Während Magnus über die Bedeutung dessen grübelte, was Eva über Wilhelm Bornwart gesagt hatte, begutachtete er auf der Treppe unauffällig ihren Po.
Eva hatte ihn lauter in Erinnerung. Früher war er eine echte Nervensäge gewesen. Seht mal hier, schaut was ich kann – Eva und die anderen Kinder hatten nicht viel zu melden gehabt. Jetzt hatte sie zum ersten Mal Lust, ihn kennen zu lernen. Wenn er ihr auf den Hintern guckte, war das eine Frechheit, aber immerhin ein Anfang.
Maik kam hinter ihnen die Treppe herauf und klapperte mit dem Werkzeug.
“So, wo steht die Kiste, ich mache alles platt!” Er nahm zwei Stufen auf einmal, überholte sie und konnte es kaum erwarten, zu seinem Einsatzort zu kommen. Als er dann davor stand, überragte der gewaltige Schrank Maik um fast einen Meter. Eingeschüchtert nahm er sich vor, seine große Klappe besser unter Kontrolle zu halten.
Silke fand das Schlafzimmer ganz spannend. Die alte Schachtel musste Geld wie Heu haben, soviel war klar. Die geilsten Fummel gab es hier, quietschbunte Kleidchen, Schuhe mit Plateau-Sohlen, die sie an die Discobräute aus den Formel-Eins Videos erinnerten und Sonnenbrillen, die sie am liebsten gleich eingesteckt hätte. Ging natürlich nicht, was sollte Eva denken. Sie war ja lieb, aber sie machte sich auch entschieden zu viele Gedanken über alles. Offensichtlich fand sie ihren Cousin ganz geil. Aber nein, was sollten die Leute denken. Silke war egal, was die Leute dachten. Wenn Eva nicht mit ihrem Cousin in die Kiste wollte, würde sie eben ihr Glück versuchen.

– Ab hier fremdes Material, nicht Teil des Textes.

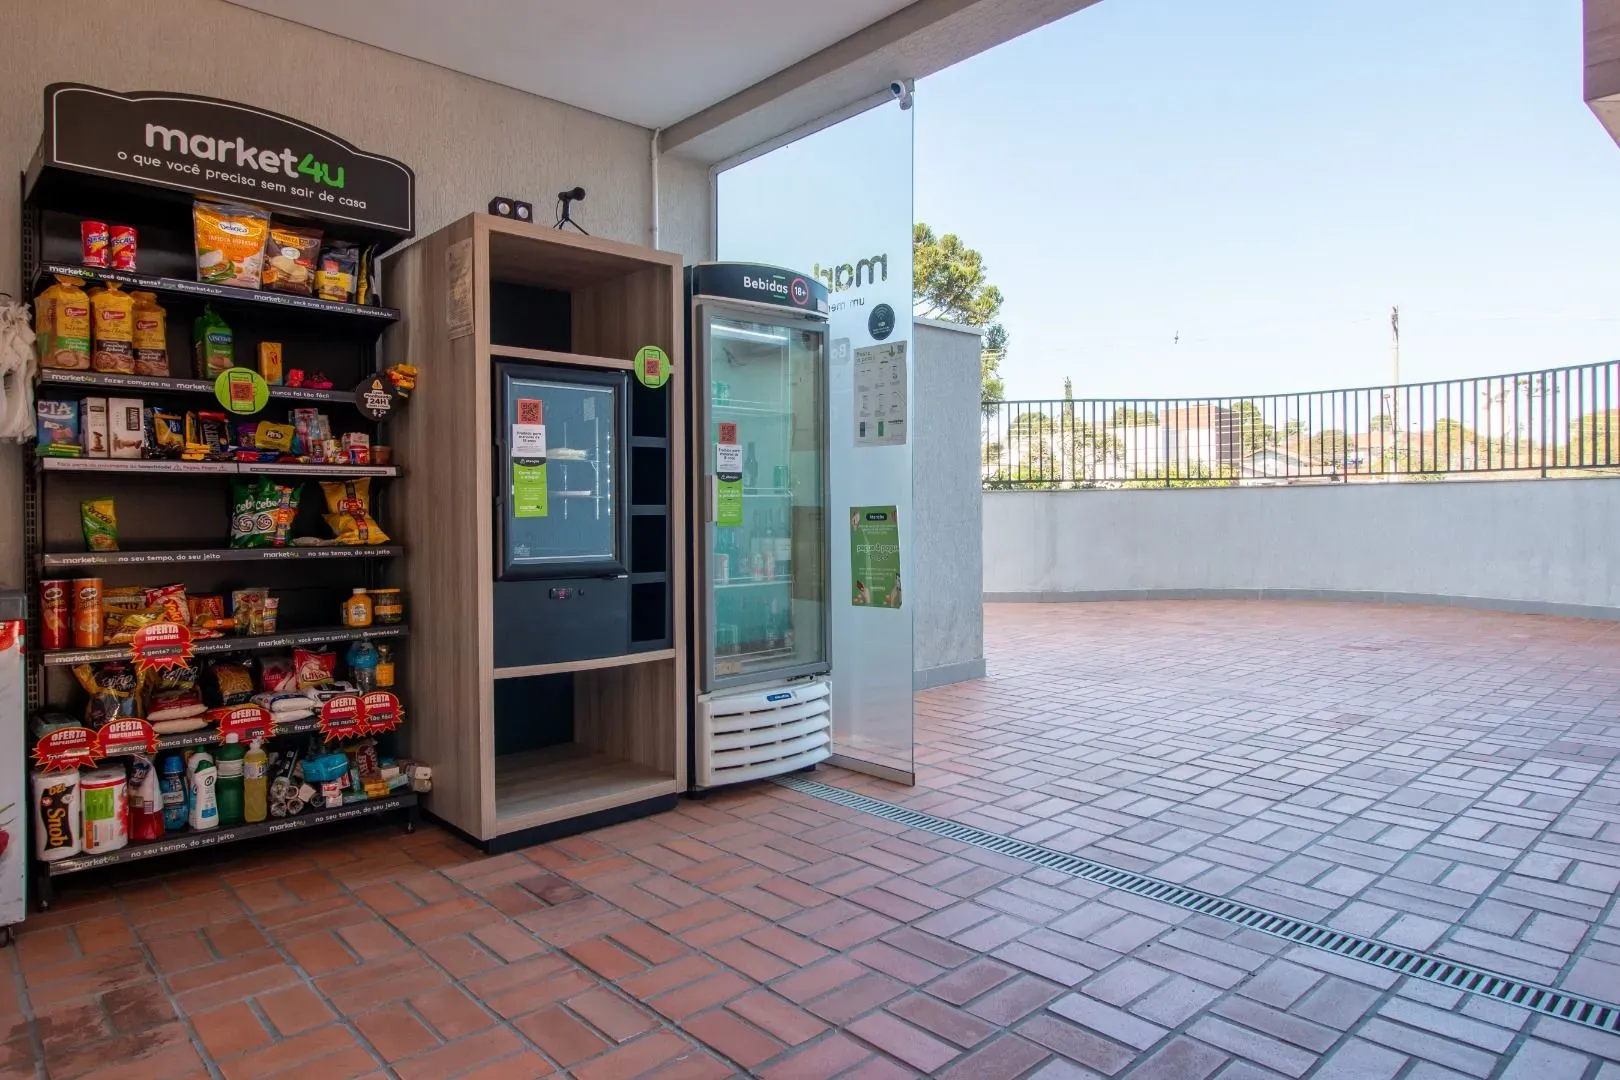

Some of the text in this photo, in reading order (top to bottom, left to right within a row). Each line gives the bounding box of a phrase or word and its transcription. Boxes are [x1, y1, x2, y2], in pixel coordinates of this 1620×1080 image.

[145, 123, 344, 189] market4u
[117, 151, 367, 209] o que você precisa sem sair de casa
[49, 265, 94, 278] market4u
[743, 276, 807, 297] Bebidas 18+
[254, 294, 290, 305] market4u
[51, 374, 97, 384] market4u
[104, 377, 125, 385] fazer
[126, 379, 160, 389] compras
[63, 556, 108, 565] market4u
[147, 554, 174, 563] tempo,
[203, 553, 221, 561] jeito
[263, 550, 300, 559] market4u
[145, 623, 180, 635] OFERTA
[193, 642, 232, 652] market4u.br
[258, 638, 295, 648] market4u
[330, 697, 357, 708] OFERTA
[365, 694, 390, 705] OFERTA
[231, 708, 261, 720] OFERTA
[109, 720, 143, 733] OFERTA
[51, 730, 87, 741] OFERTA
[47, 807, 69, 847] Snob
[269, 820, 306, 832] market4u
[160, 843, 188, 852] tempo,
[202, 837, 215, 845] seu
[217, 833, 235, 843] jeito
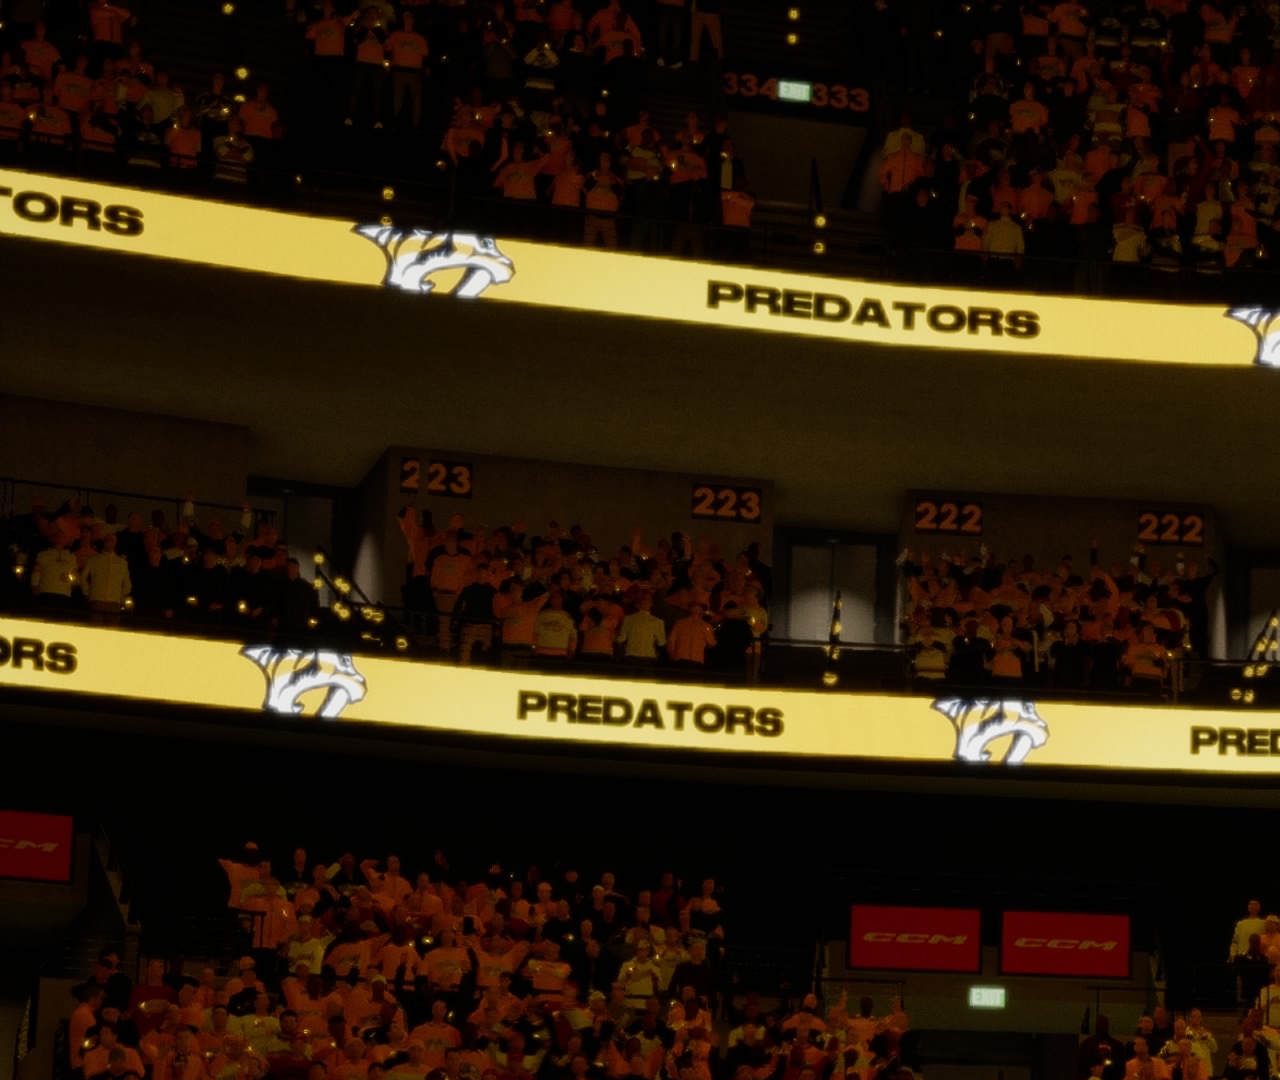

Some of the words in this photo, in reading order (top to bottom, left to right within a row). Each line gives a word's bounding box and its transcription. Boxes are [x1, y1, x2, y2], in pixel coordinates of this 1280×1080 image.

[721, 71, 778, 101] 334
[812, 81, 872, 113] 333
[707, 279, 1041, 340] PREDATORS
[692, 486, 762, 519] 223
[915, 500, 983, 533] 222
[1137, 512, 1204, 544] 222
[517, 689, 785, 738] PREDATORS
[862, 932, 969, 945] CCM
[1013, 937, 1119, 951] CCM
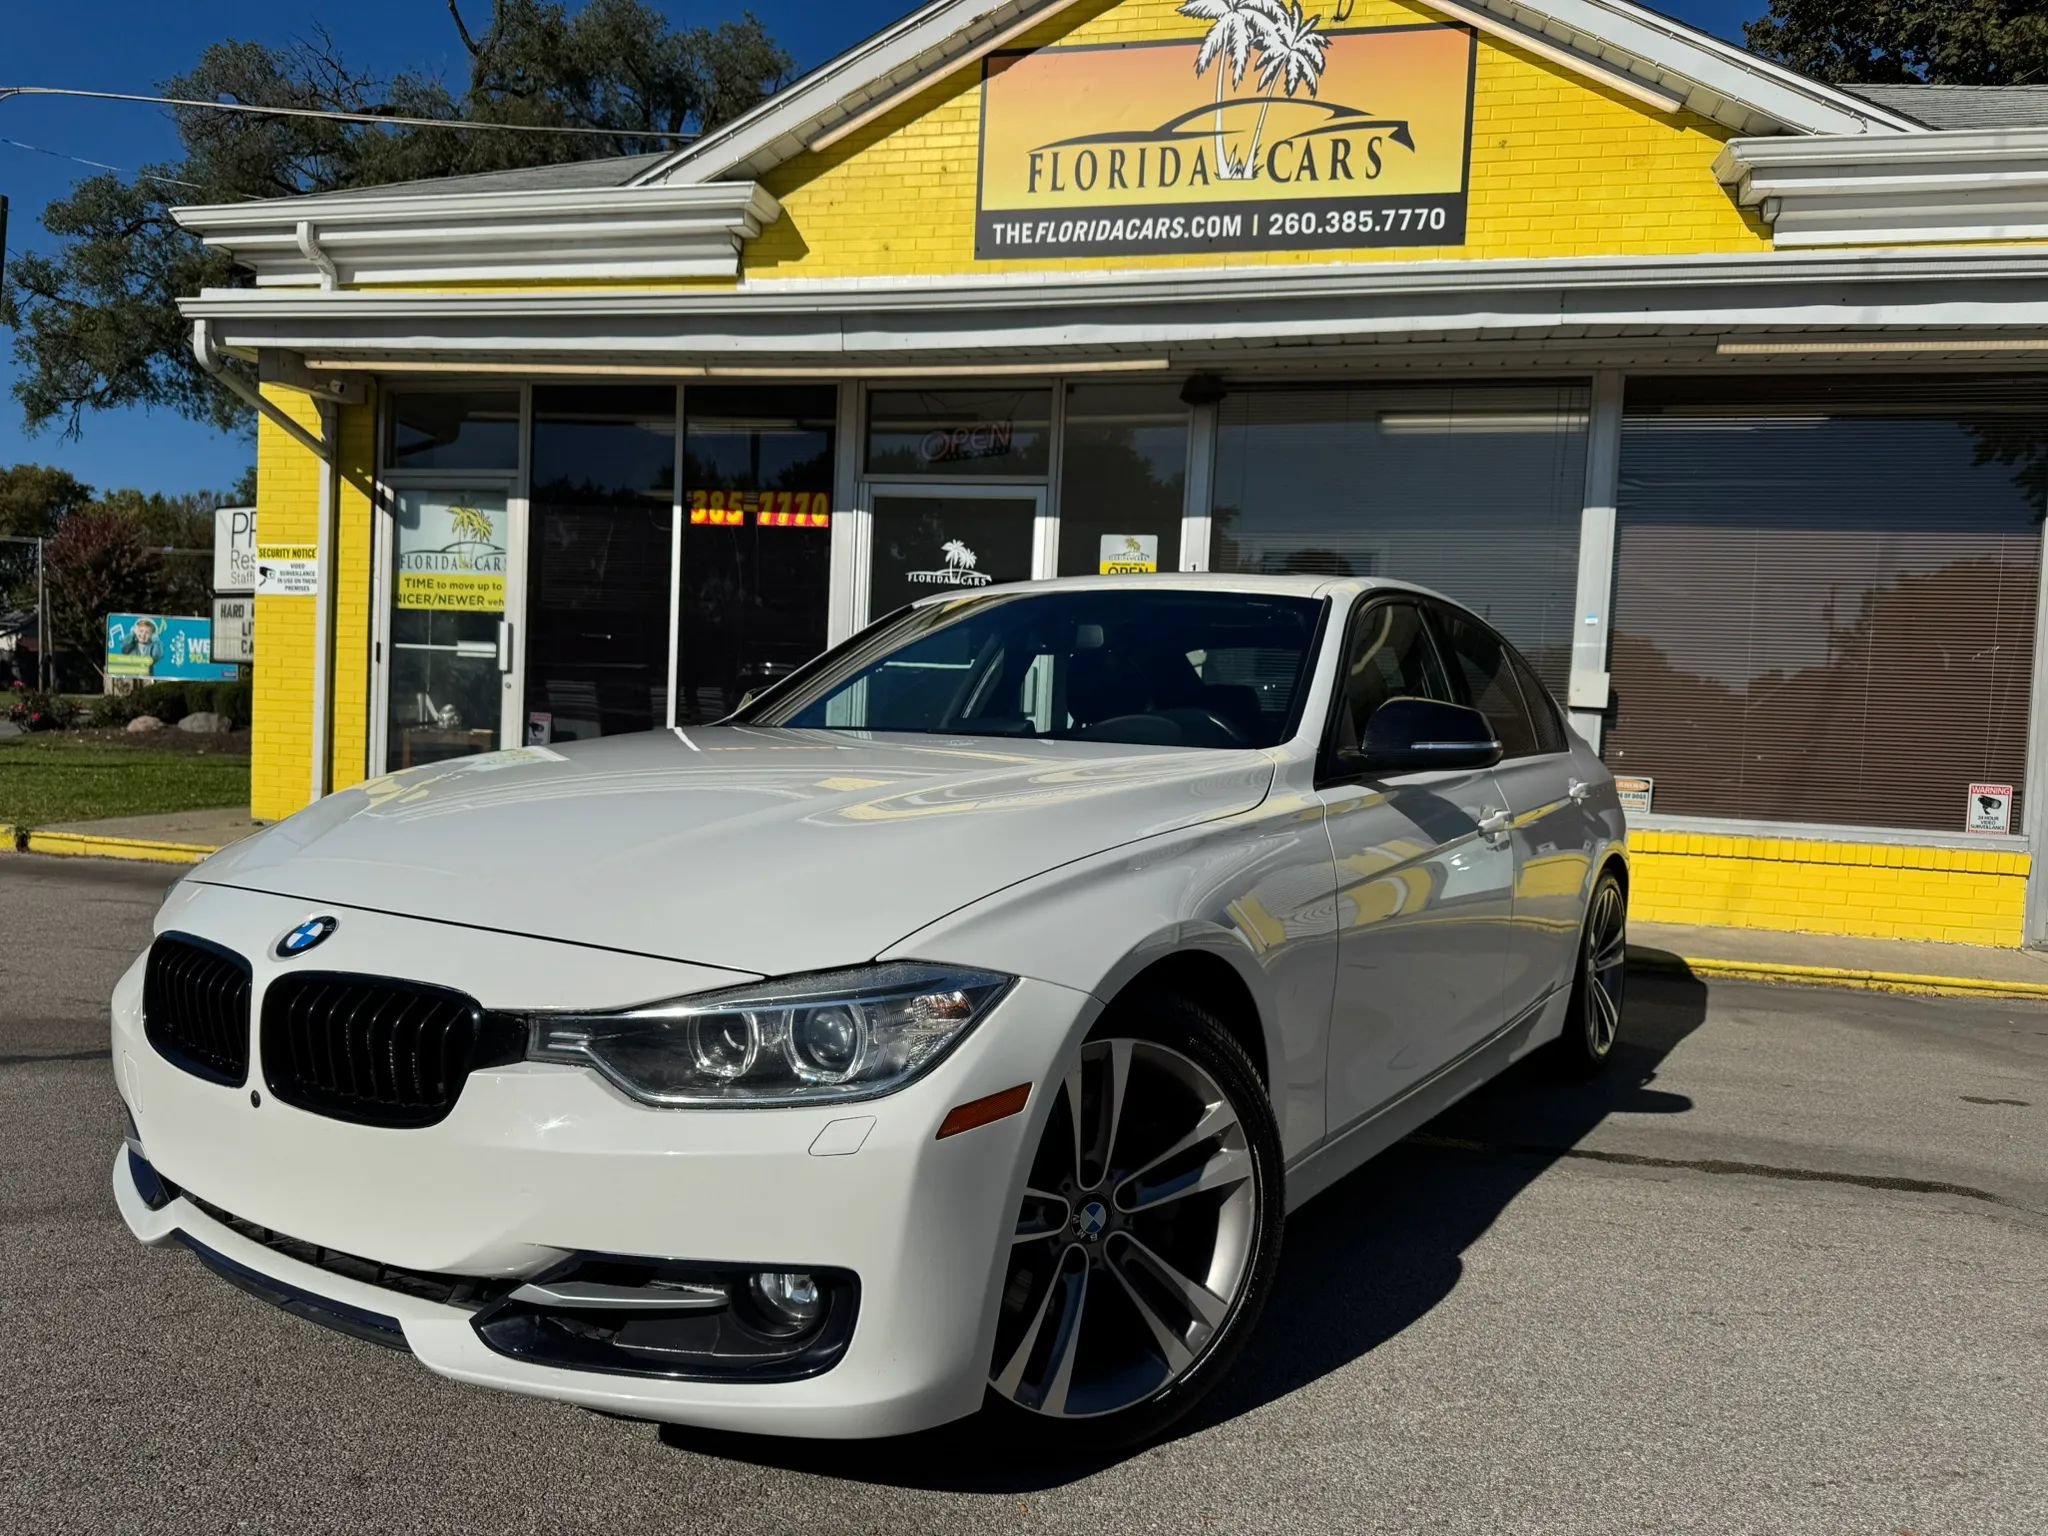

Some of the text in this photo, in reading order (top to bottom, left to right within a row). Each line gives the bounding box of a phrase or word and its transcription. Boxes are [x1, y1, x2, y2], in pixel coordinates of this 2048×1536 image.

[1028, 135, 1383, 193] FLORIDA CARS
[992, 214, 1242, 245] THEFLORIDACARS.COM
[1268, 207, 1447, 236] 260.385.7770
[921, 421, 1011, 461] OPEN
[691, 490, 829, 526] 385-7770
[259, 547, 317, 559] SECURITY NOTICE
[400, 554, 459, 570] FLORIDA
[404, 578, 502, 592] TIME to move up to
[907, 573, 987, 587] FLORIDA CARS
[220, 604, 245, 618] HARD
[1972, 785, 2009, 795] WARNING
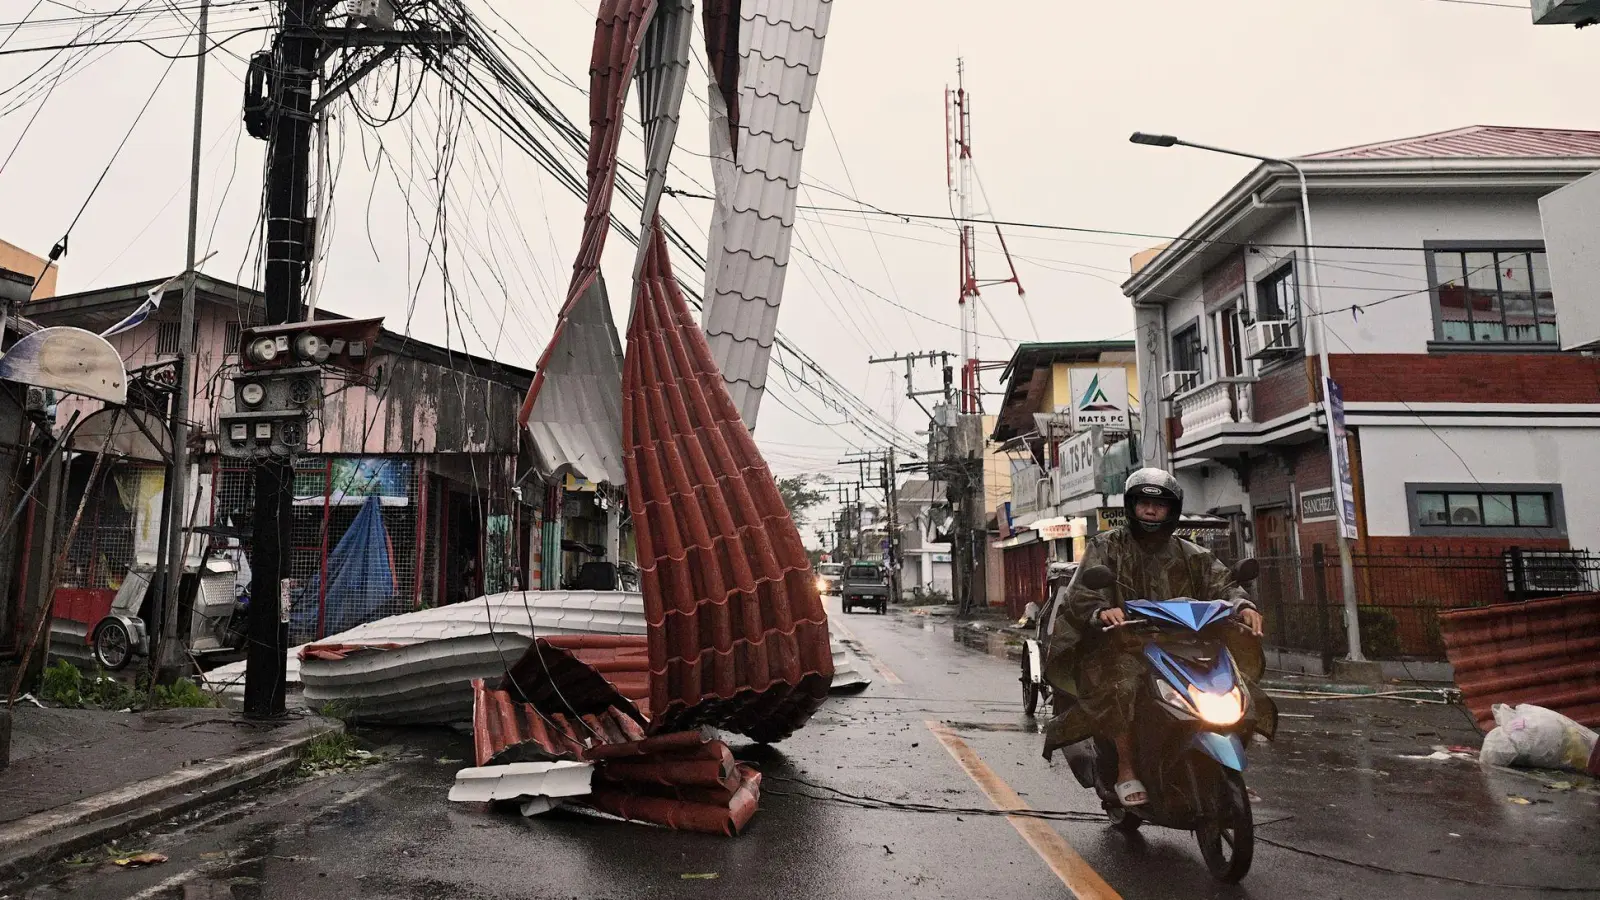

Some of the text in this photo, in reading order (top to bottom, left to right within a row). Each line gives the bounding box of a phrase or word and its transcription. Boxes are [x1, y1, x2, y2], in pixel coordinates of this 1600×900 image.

[1079, 415, 1123, 423] MATS PC
[1081, 437, 1092, 469] PC
[1303, 497, 1331, 514] SANCHEZ

Eva war erstaunt, dass ihre Freundin sich offenbar wie zu Hause fühlte. Silke war ein echtes Goldstück, immer da, wenn man sie brauchte. Sie kannten sich ewig, das war schön. Aber seit Silke Brüste bekommen und gelernt hatte, was sie damit anstellen konnte, war Eva oft genervt. Kaum waren Jungs in der Nähe, drehte ihre Freundin durch.
“Geile Fummel, was deine Oma hier hängen hat.” Offenbar unterzog sie Marias Garderobe einer eingehenden Prüfung und fand einige Teile als Urahnen aktueller Trends hochinteressant.
“Kann ich das mal anziehen?” fragte sie und hielt etwas hoch, das für Magnus irgendwie nach Sechziger Jahre aussah.
“Gern.” Eva wünschte, Silke würde ihre Modebegeisterung zügeln und sich auf das Wesentliche konzentrieren. Hundert Mark wollten verdient sein.
“Wenn du magst, kannst du ja dann alles einpacken, was an Klamotten da ist.” Sie wandte sich zu Magnus und wurde rot. “Hast du Lust, mit mir in die Bibliothek zu kommen?”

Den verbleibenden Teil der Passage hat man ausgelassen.